On March 16, 1987, the trial began accused of the Ramelli massacre: Marco Costa, Giuseppe Ferrari Bravo, Claudio Colosio, Antonio Belpiede, Brunella Colombelli, Franco Castelli, Claudio Scazza and Luigi Montinari. The charges included voluntary homicide, attempted homicide, kidnapping, subversive association, damage. To support Ramelli’s family, a young MSI lawyer: Ignazio La Russa. On 16 May 1987 the II Court of Assizes of Milan acquitted Di Domenico due to insufficient evidence and declared Cavallari extraneous to the facts, but considered the other defendants guilty of manslaughter.

On 2 March 1989, the II section of the Court of Assizes of Appeal presided over by Renato Cavazzoni accepted the requests of the public prosecutor but, although the accusation was changed to voluntary homicide, recognized the mitigating factor of anomalous participation, thus significantly reducing the sentences: Costa went from 15 years to 11 and 4 months; Ferrari Bravo from 15 to 10 and 10 months; 7 years and 9 months in Colosio instead of 15; 7 years instead of 13 in Belpiede; 6 years and 3 months in Castelli, Colombelli, Montinari and Scazza instead of the initial 11-12.

On 23 January 1990 the first section of the Court of Cassation chaired by Corrado Carnevale rejected the request for recognition of premeditation and the defense appeals confirming the second degree sentences. In the scenario of a justice that leaves perplexing, it should also be remembered that some of the then medical students convicted, later, they made a career in the medical sector, holding prestigious hospital roles.

An epilogue that smacks of injustice but no one talks about it. And who tries to give voice to victims deliberately silenced, is silenced in turn. A tenacity which, paradoxically, has given rise to a publishing house with the intention of giving voice to victims and characters promptly thrown into limbo due to their political affiliation.

We’re talking about Ferrogallico, the publishing house of “stubborn and contrary” comics born precisely from a “No”, as told by its publisher Marco Carucci in 2019, on the occasion of the presentation of his editorial creation to the cultural association Il Ramo d’Oro: “It had been at least 3/4 years since I had decided, as an old Milanese militant, to tell the story of Sergio Ramelli in a slightly different way from how it had been told in books and stories. I myself wanted to find a way to continue to pass on Sergio’s story through a new tool, especially for young people.”

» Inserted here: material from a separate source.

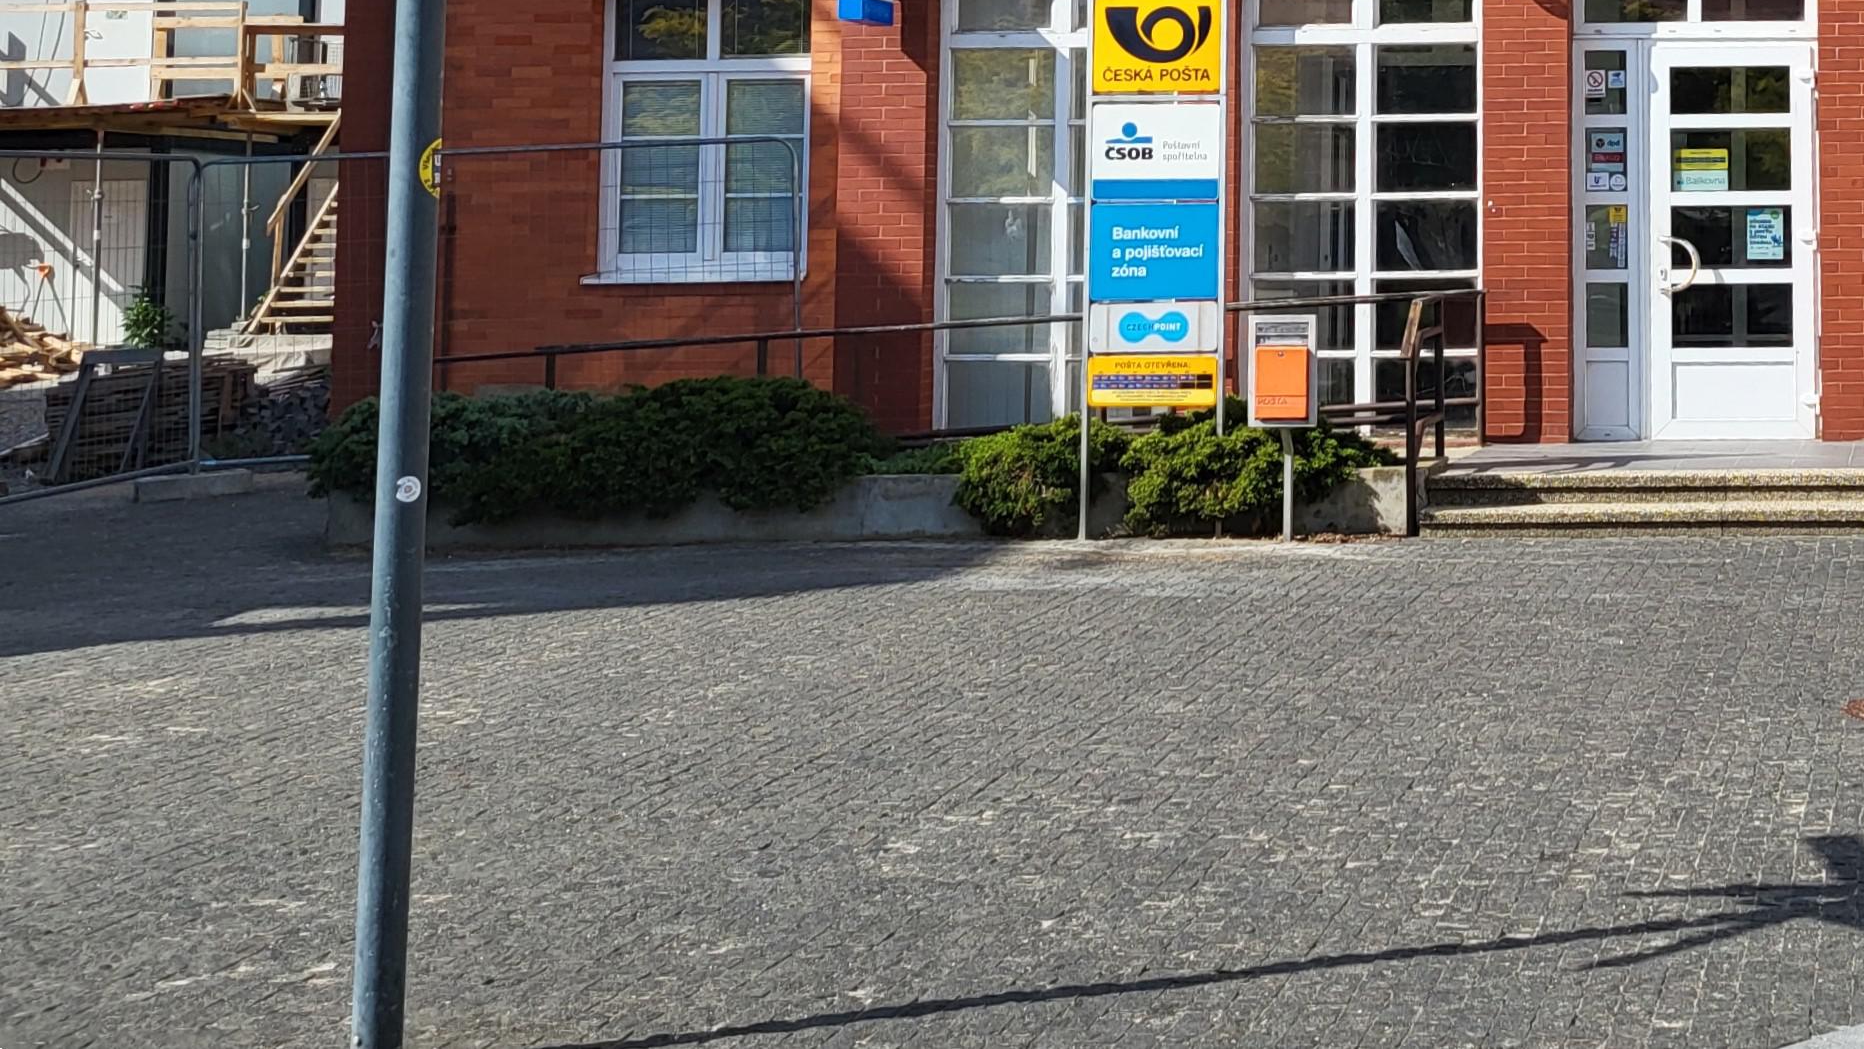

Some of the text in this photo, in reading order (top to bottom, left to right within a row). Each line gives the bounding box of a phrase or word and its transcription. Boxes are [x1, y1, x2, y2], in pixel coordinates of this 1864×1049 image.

Hence the idea of ​​using comics, which led the publisher to write the screenplay by Sergio Ramelli. Once the script was done, however, a designer was missing. An absence that pushed the authors to knock on various publishing houses, whose “Yes”, once the script was read, became “No”. And it is precisely from those “No” that Ferrogallico came to life, just as told by its own publisher: “that’s where Ferrogallico was born: from a No”. A “No” which, in May 2017, led to the publication of the first comic of the publishing house, dedicated precisely to that young MSI man who was barbarically murdered just because he “dared” to say “No”. “No” to the injustices and crimes suffered by MSI members.

A “No” which, in fact, Ramelli expressed it loud and clear in a school essay, in which he condemned the Red Brigades, adding a note of blame towards the political world for the lack of institutional condolences faced with the death of two MSI militants, Giuseppe Mazzola and Graziano Giralucci, killed during the assault on the MSI headquarters in Padua the previous year (17 June 1974). A theme that became the “head of the indictment” giving rise to a sort of school “political process”.instituted against Ramelli by students who accused him of being fascist.

A process that ended with the boy’s death sentence, but which, in the end, made it eternal.